November 7th, 2012 at 12:09 PM ^

One of the first college games I remember watching was the "Game of the Century" between undefeated Arkansas and UT in 1969.  I remember that President Nixon was at the game and it was a very BIG DEAL in a day and age when big deals weren't as common as they are today.

Hook em horns Darrell.

03 Blue 07

November 7th, 2012 at 12:25 PM ^

I work for a Texas alum, and he and I have often discussed the historical similarities between our two programs. To wit, it was a Michigan man who, I believe, served as UT's first head football coach and taught them the game. From what my boss has described, Mr. Royal was a great patriarch of the Texas football community, revered in a way much like our own Mr. Schembechler. I'm sure DKR will be missed by the Texas family.


November 7th, 2012 at 12:29 PM ^

He's the winningest coach in Longhorn history at 167-47-2, including an 8-7-1 bowl record. He was also AFCA Coach Of The Year twice, I believe. Quite an impressive run as the head coach at Texas, then as athletic director and an assistant to the UT President after that.

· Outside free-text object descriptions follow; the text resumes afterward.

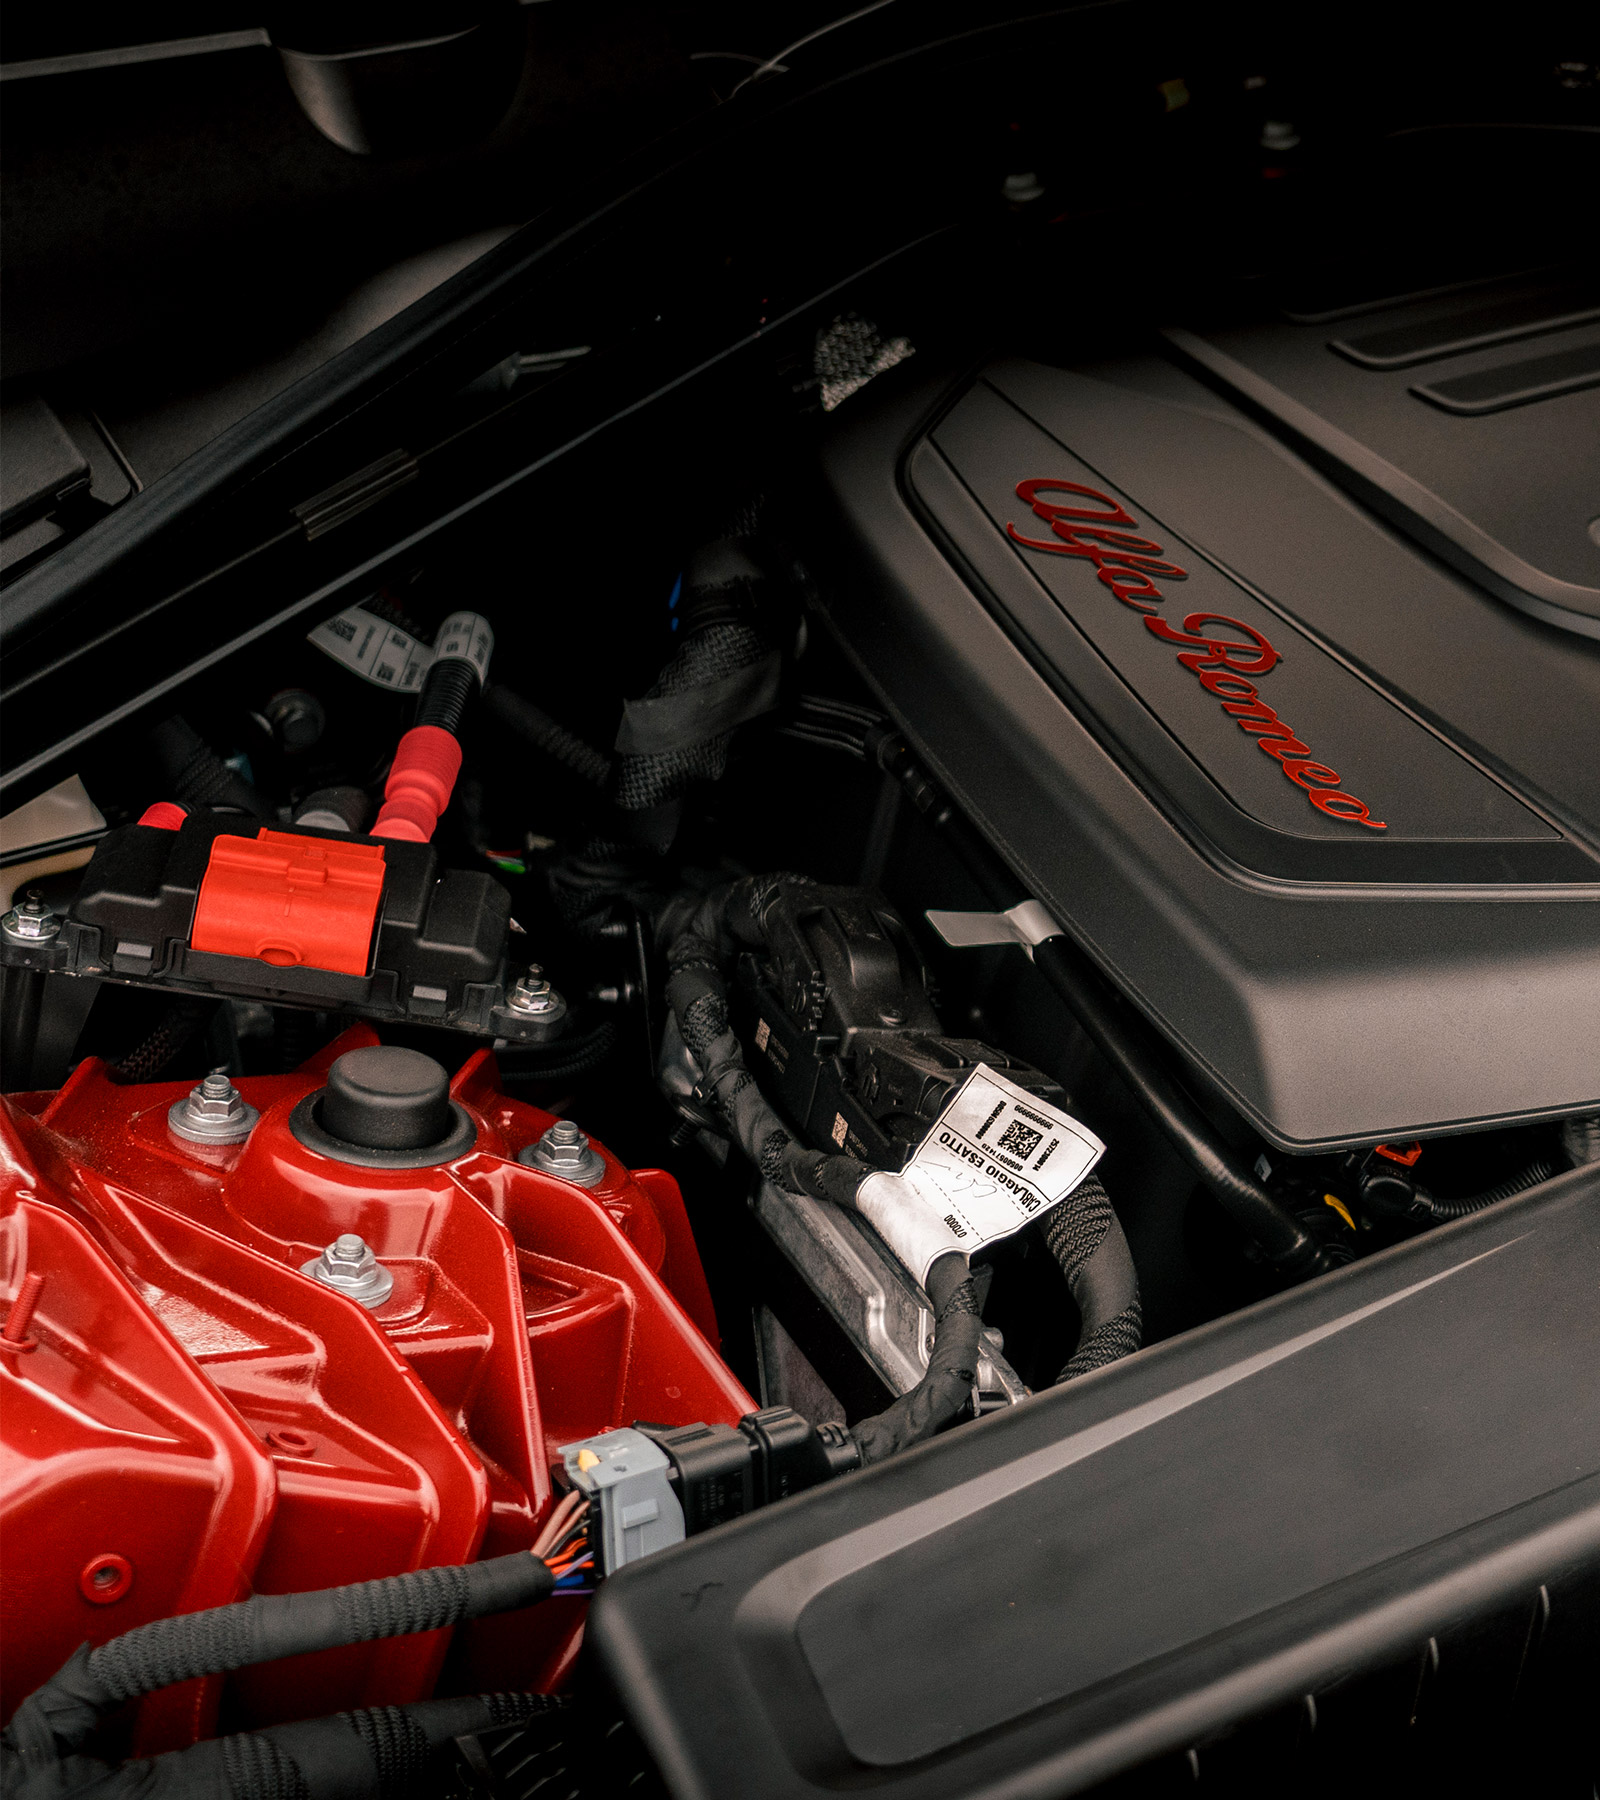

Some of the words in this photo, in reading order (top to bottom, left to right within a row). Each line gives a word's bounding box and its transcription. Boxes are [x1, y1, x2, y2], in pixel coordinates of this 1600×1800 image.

[1006, 479, 1187, 612] Alfa
[1144, 613, 1388, 829] Romeo
[938, 1131, 986, 1169] ESATTO
[985, 1165, 1042, 1213] CABLAGGIO
[943, 1214, 967, 1239] 070000

Favorite Royalism: "Don't matter what they throw at us. Only angry people win football games."

RIP, Darrell Royal

Section 1

November 7th, 2012 at 12:42 PM ^

In fact, they were close colleagues professionally.  In the era before insanely competitive recruiting wars, college coaches regarded each other as fellow professionals in education.  Bo and Coach Royal were friends and had a huge amount of mutual respect.

Sten Carlson

November 7th, 2012 at 12:48 PM ^

I met today the man several times here in Austin, and my wife is close with his wife Edith. Football lost one of its all time greats! It was sad to see him recently as he wa totally out of it, yet they'd wheel him out at charity functions and such.

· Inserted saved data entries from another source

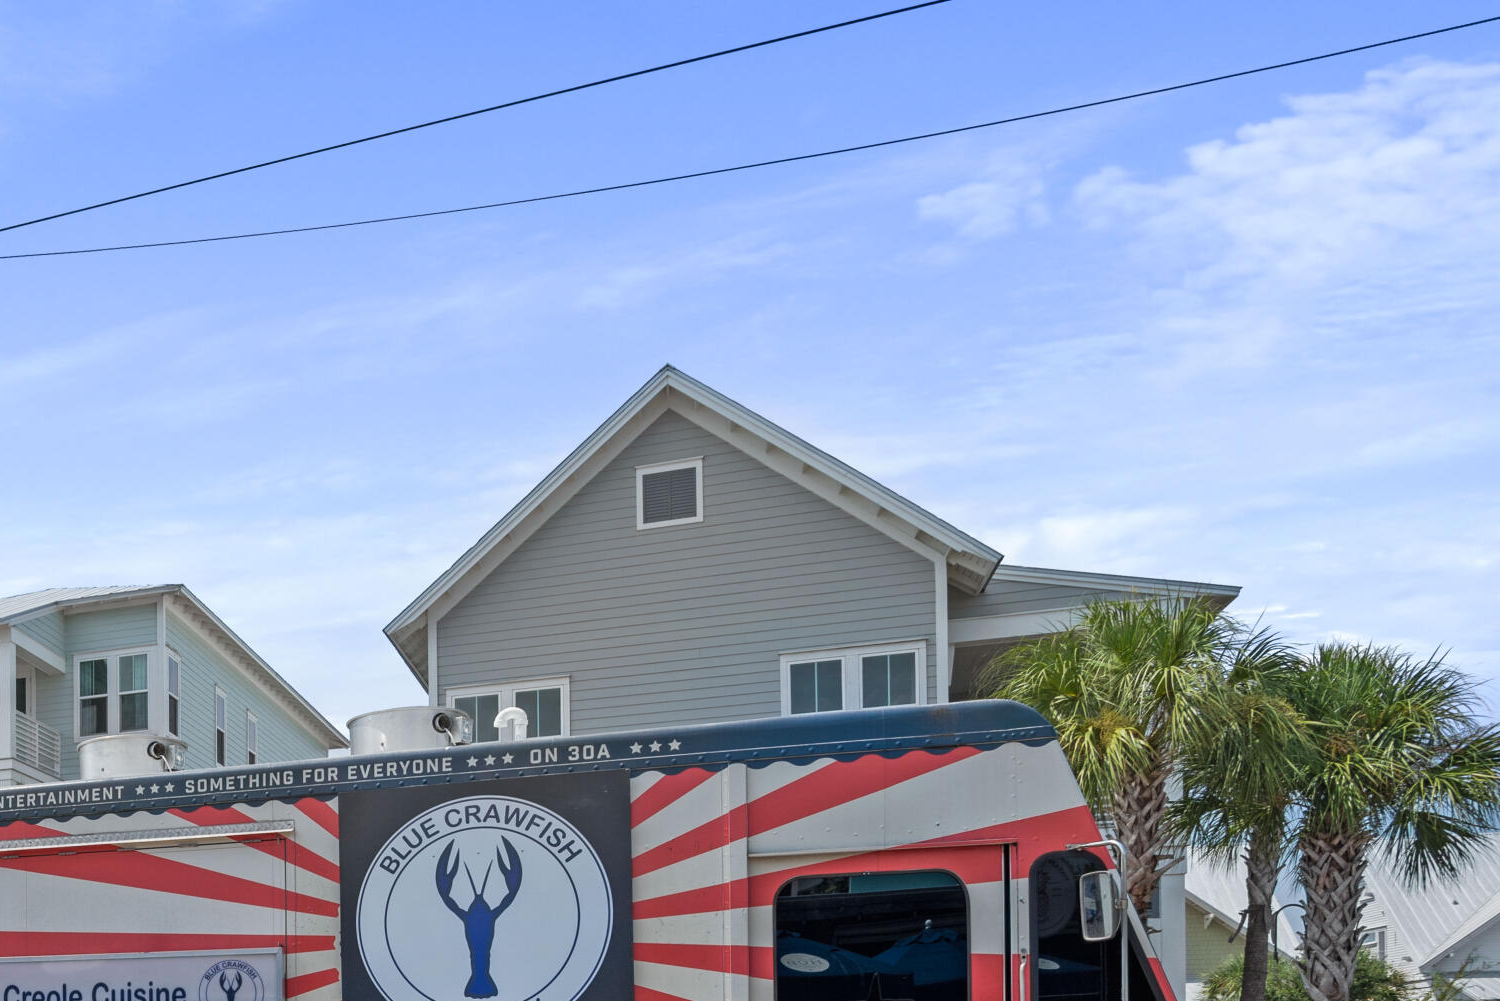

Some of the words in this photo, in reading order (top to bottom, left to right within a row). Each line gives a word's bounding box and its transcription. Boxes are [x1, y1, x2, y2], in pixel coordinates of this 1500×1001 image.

[530, 748, 558, 764] ON
[568, 744, 610, 760] 30A
[185, 771, 293, 793] SOMETHING
[303, 767, 338, 783] FOR
[348, 757, 452, 779] EVERYONE
[380, 817, 440, 875] BLUE
[444, 804, 582, 863] CRAWFISH
[205, 965, 221, 980] BLUE
[222, 961, 258, 980] CRAWFISH

Hopefully he's making all those candy asses in heaven do down-ups til they puke!

Hook 'me coach!


November 7th, 2012 at 12:52 PM ^

It was actually Emory Bellard (of Texas A&M and Miss State fame) who developed the 3 -back wishbone option offense, but Royal got the credit and Texas teams were very tough to stop defensively.  

It's noteworthy to me that Royal's career ended on a low note: 5-5-1 record in 1976 that started with a 1-point loss to a no-name Boston College team on the road in MA, followed by a 6-6 tie to hated rival Oklahoma in Dallas, then conference defeats to rival Texas A&M, Texas Tech, Baylor and Houston (30-0). It was a completely different SWC that year with Texas sort of taking a dive, and the league was never the same, with Houston, SMU, Arkansas and Baylor getting stronger and stronger.

But the following year 1977 new coach Fred Akers took Royal's ridiculously talented and veteran team all the way to No. 1 and 11-0 before getting destroyed by Notre Dame 10-38 in the Cotton Bowl.  

In 1977 the wishbone was already passe and on the way out, in favor of more balanced, West Coast passing offenses like the ones at BYU, Stanford, Washington State and Michigan State.



November 7th, 2012 at 3:34 PM ^

They were considered to be one of the hottest teams in the nation that fall, and featured a 270-lb battering-ram of a fullback named George Woodard in its wishbone attack.

There were a bunch of very vocal A&M fans at the game that day, and early in the game they kept yelling "We're #1!" The problem is that Michigan completely shut down Woodard and their option attack, and pounded the snot out of them 41-3.

That game is just one reason why I've always been convinced that if Bo's Michigan teams had the bowl tie-ins that the SWC or SEC had back then (the Cotton Bowl and the Sugar Bowl) instead of the Rose Bowl that he would have won at least one NC. Our offense and defense matched up far more favorably with the other option-running attacks prevalent in those conferences back then than we did with the pro-set-based passing attacks more common in the PAC-10.


November 7th, 2012 at 1:13 PM ^

The first thing you get when you Youtube "Darrell Royal" is:

Which I found ironic considering the current team's struggles with this exact art. From everything I've read about him, it seems like he was a man that preached toughness. A big loss to the Texas family, and I'm sure all of our thoughts are with them.


November 8th, 2012 at 1:09 AM ^

Thank you to you all who educated a young person on someone. I wish coaches like this one and others ie Pop Warner got more press for their contributions to the game.  


November 8th, 2012 at 2:09 PM ^

How relevant was footaball at UofT and in the state before this man? It seems like football wasn't nearly as popular in the state back then as it is today, but I am just getting the feeling from watching videos. Did he put the program on the map or restore it? Did the state care about nothing besides football or was baseball Texas's pastime?